Models that are heavy on GEMM operations benefit significantly from conversion to bfloat16. To run the model with auto-mixed precision, on 4th-generation or newer Intel Xeon® processors, you can set the `dtype`  to `bfloat16` in ipex.optimize() function and it will automatically convert eligible parameters to bfloat16 and relevant operators to their bfloat16 counterparts. In addition, using the model in graph mode by utilizing torchscript can further improve the performance.

 

import torch
import intel_extension_for_pytorch as ipex

# pre-requisites: pretrained model and a sample input
pretrained_model = ...
example_inputs = ...

# Apply IPEX optimization
optimized_model = ipex.optimize(pretrained_model, dtype=torch.bfloat16)

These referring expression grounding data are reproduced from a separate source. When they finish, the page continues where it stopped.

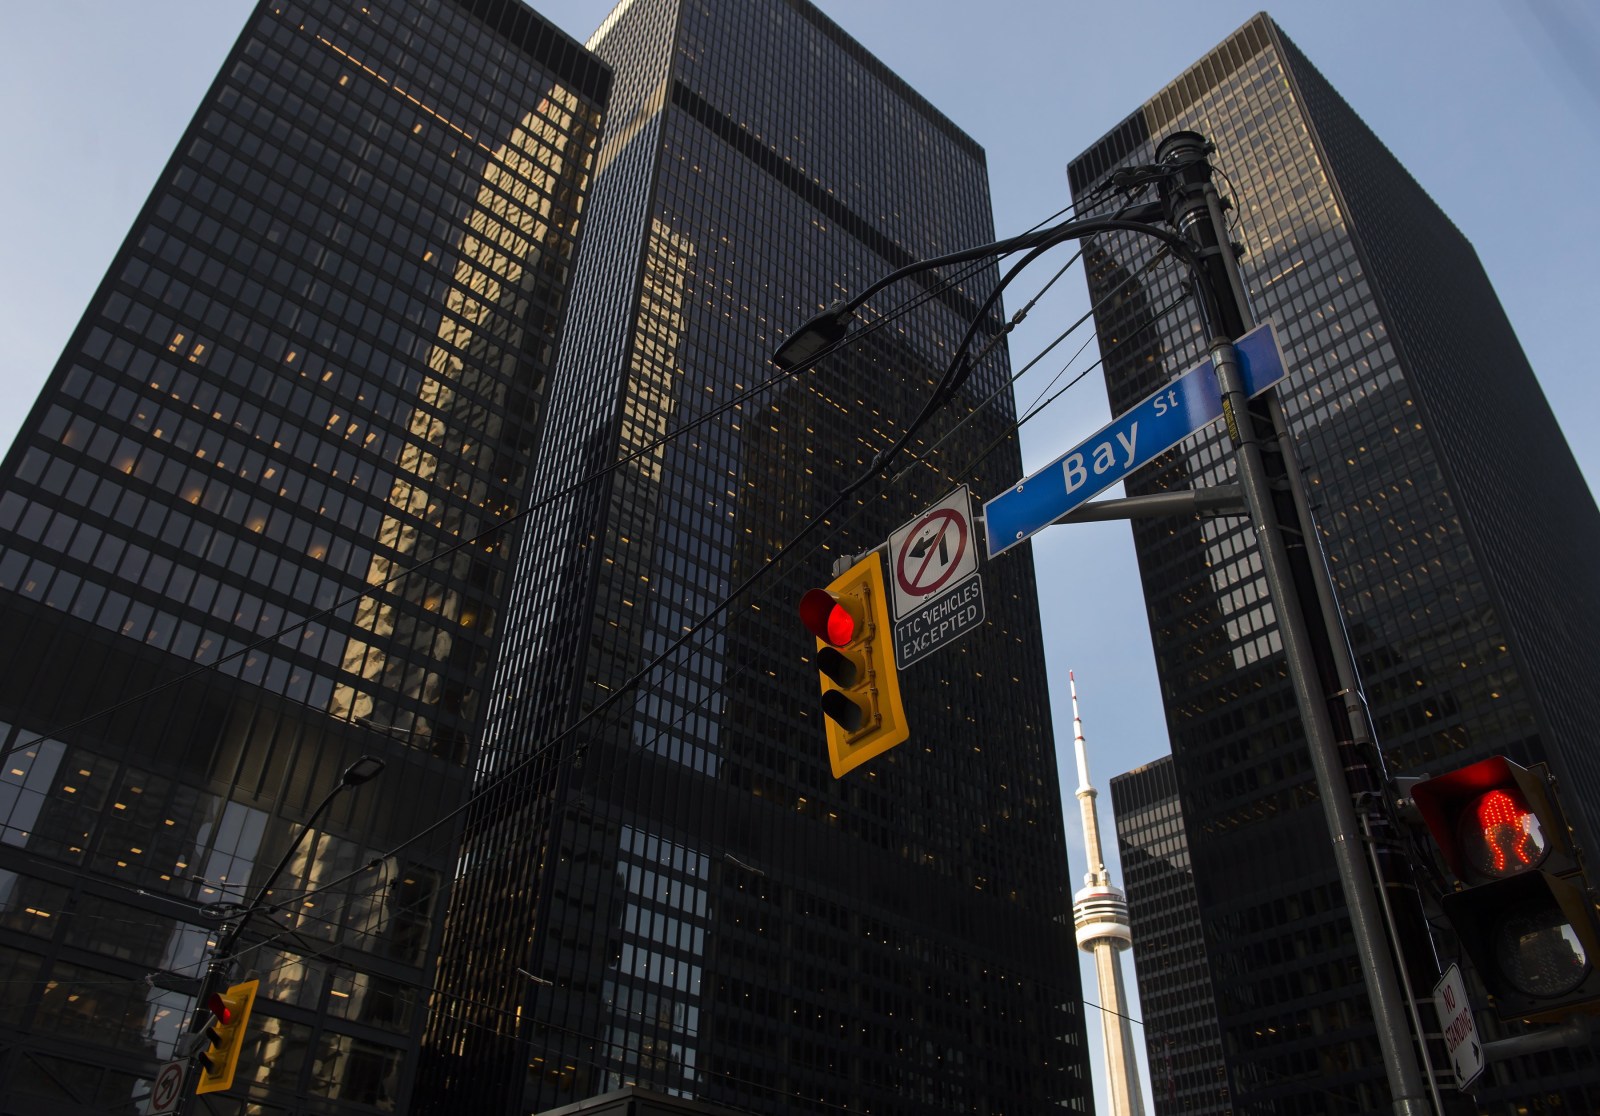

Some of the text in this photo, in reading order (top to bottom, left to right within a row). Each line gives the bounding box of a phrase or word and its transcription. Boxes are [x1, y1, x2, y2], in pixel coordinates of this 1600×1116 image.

[1062, 390, 1178, 495] Bay St
[898, 582, 979, 641] TTC VEHICLES
[903, 604, 977, 659] EXCEPTED
[1442, 984, 1456, 1015] NO
[1445, 1007, 1473, 1054] STANDING
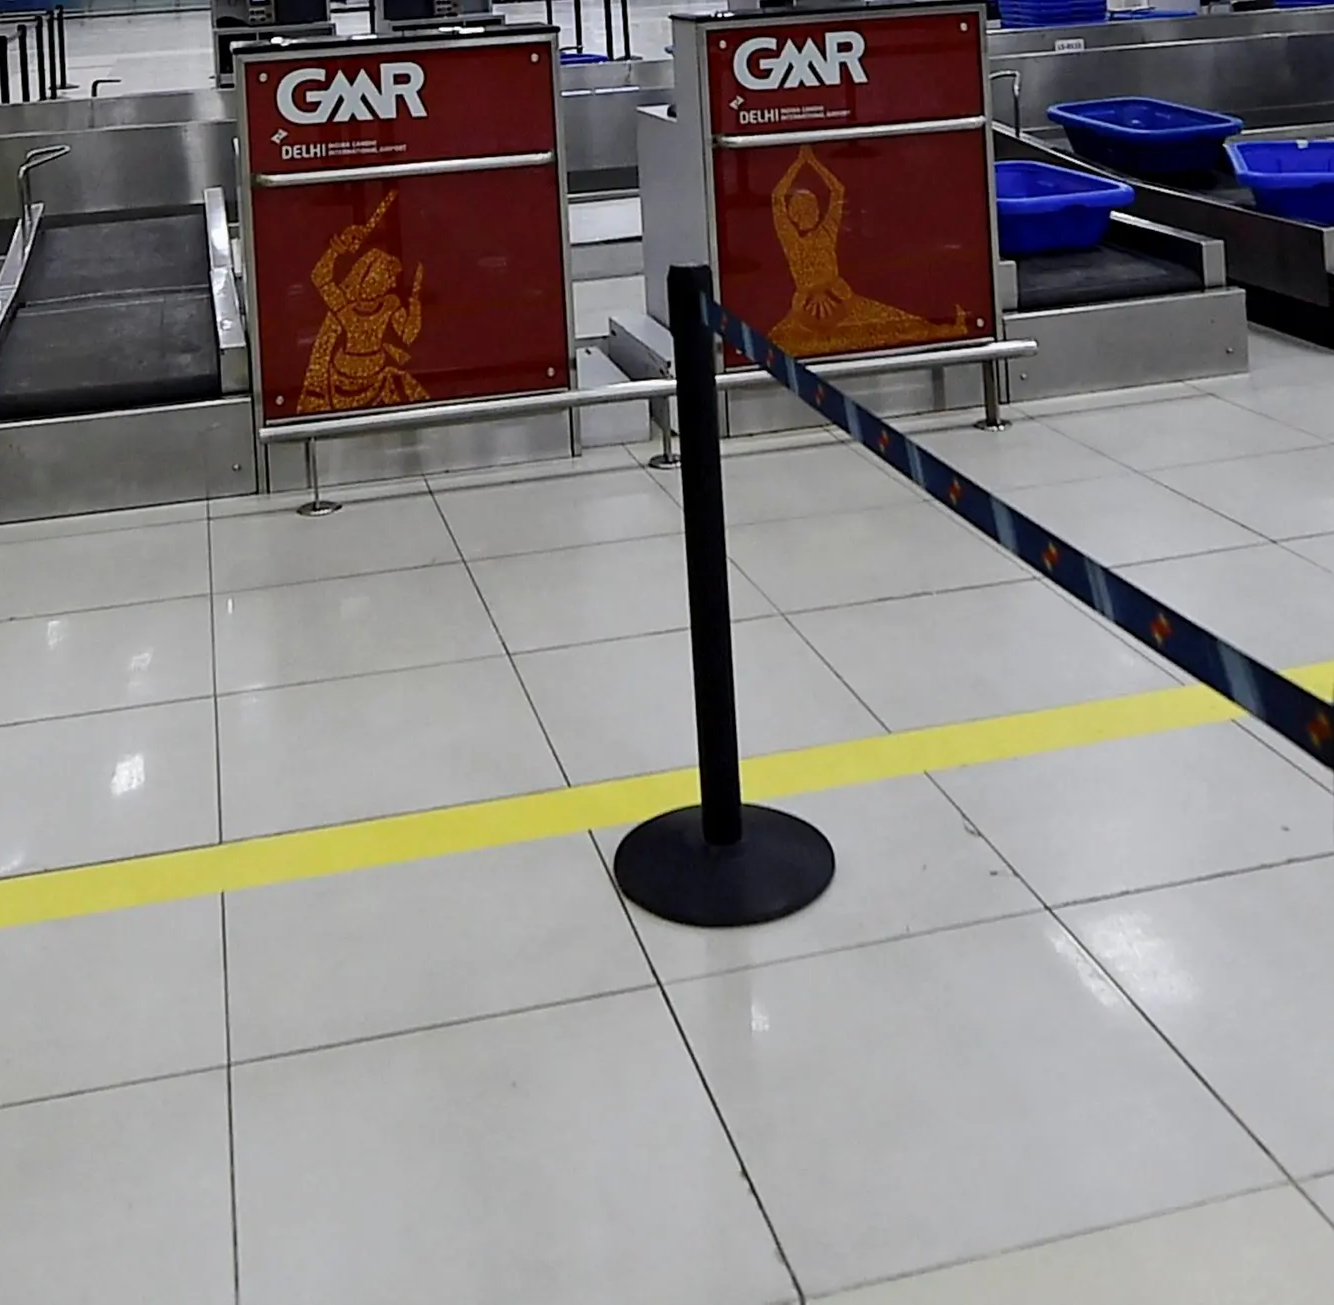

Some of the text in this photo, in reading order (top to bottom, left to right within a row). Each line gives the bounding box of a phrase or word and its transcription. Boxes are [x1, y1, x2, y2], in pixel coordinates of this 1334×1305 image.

[733, 30, 869, 90] GMR
[276, 62, 427, 124] GMR
[739, 108, 779, 124] DELHI
[282, 143, 326, 160] DELHI

# Export model as TorchScript file using JIT tracing
with torch.no_grad(), torch.cpu.amp.autocast(dtype=torch.bfloat16):
    traced_model = torch.jit.trace(optimized_model, example_inputs=example_inputs)
    traced_model = torch.jit.freeze(traced_model)
    traced_model.save("optimized_model.pt")

 

bibekbhattarai_2-1763151985789.png

Figure 3: Throughput improvements across different batch sizes with the usage of auto-mixed precision with the bfloat16 datatype

 

bibekbhattarai_3-1763151985791.png

Figure 4: Latency improvements across different batch sizes with the usage of auto-mixed precision with the bfloat16 datatype



Further Model Optimizations 

In addition to this, it is recommended to utilize Intel Neural Compressor to perform further model compression and optimization. Intel neural compressor is equipped to perform several model compression tasks while tuning for the models' accuracy.  This includes INT8/INT4/FP8 quantization of the models, sparsity pruning, knowledge distillation, and so on.

 

CPU Parallel Threads Optimization

CPU multi-threading in PyTorch

When deploying the model inference on a CPU, it is essential to study the hierarchy of threads to make optimal use of available CPU compute. Typically, model inference and any additional services are managed by an application thread pool. The inference of each model copy will be run on one or more application threads. Each application thread executes `Ops` of the model, one by one. The model can utilize the `fork`  operator to launch an asynchronous task. Forking several operations at once results in a set of tasks being executed in parallel. The fork operator returns a Future object, which can be used to synchronize. For example, the `rec_model` launches all its encoding tasks in parallel asynchronously, concatenates the results from all these modules, and passes them to the top MLP head for computation. All these asynchronous tasks forked from the main inference thread are handled by a single `inter-op thread pool`.

 

import torch

# Assuming encoding_1, encoding_2, ..., encoding_n and MLP are already implemented
# Create a list of tasks to be executed in parallel
tasks = []
for i in range(1, n + 1
    task = torch.jit.fork(encoding_i, sample_input)
    tasks.append(task)

# Wait for all tasks to complete
for task in tasks:
    torch.jit.wait(task)

# Concatenate the results from all encoders
encoded_features = torch.cat([task.fetch() for task in tasks], dim=1)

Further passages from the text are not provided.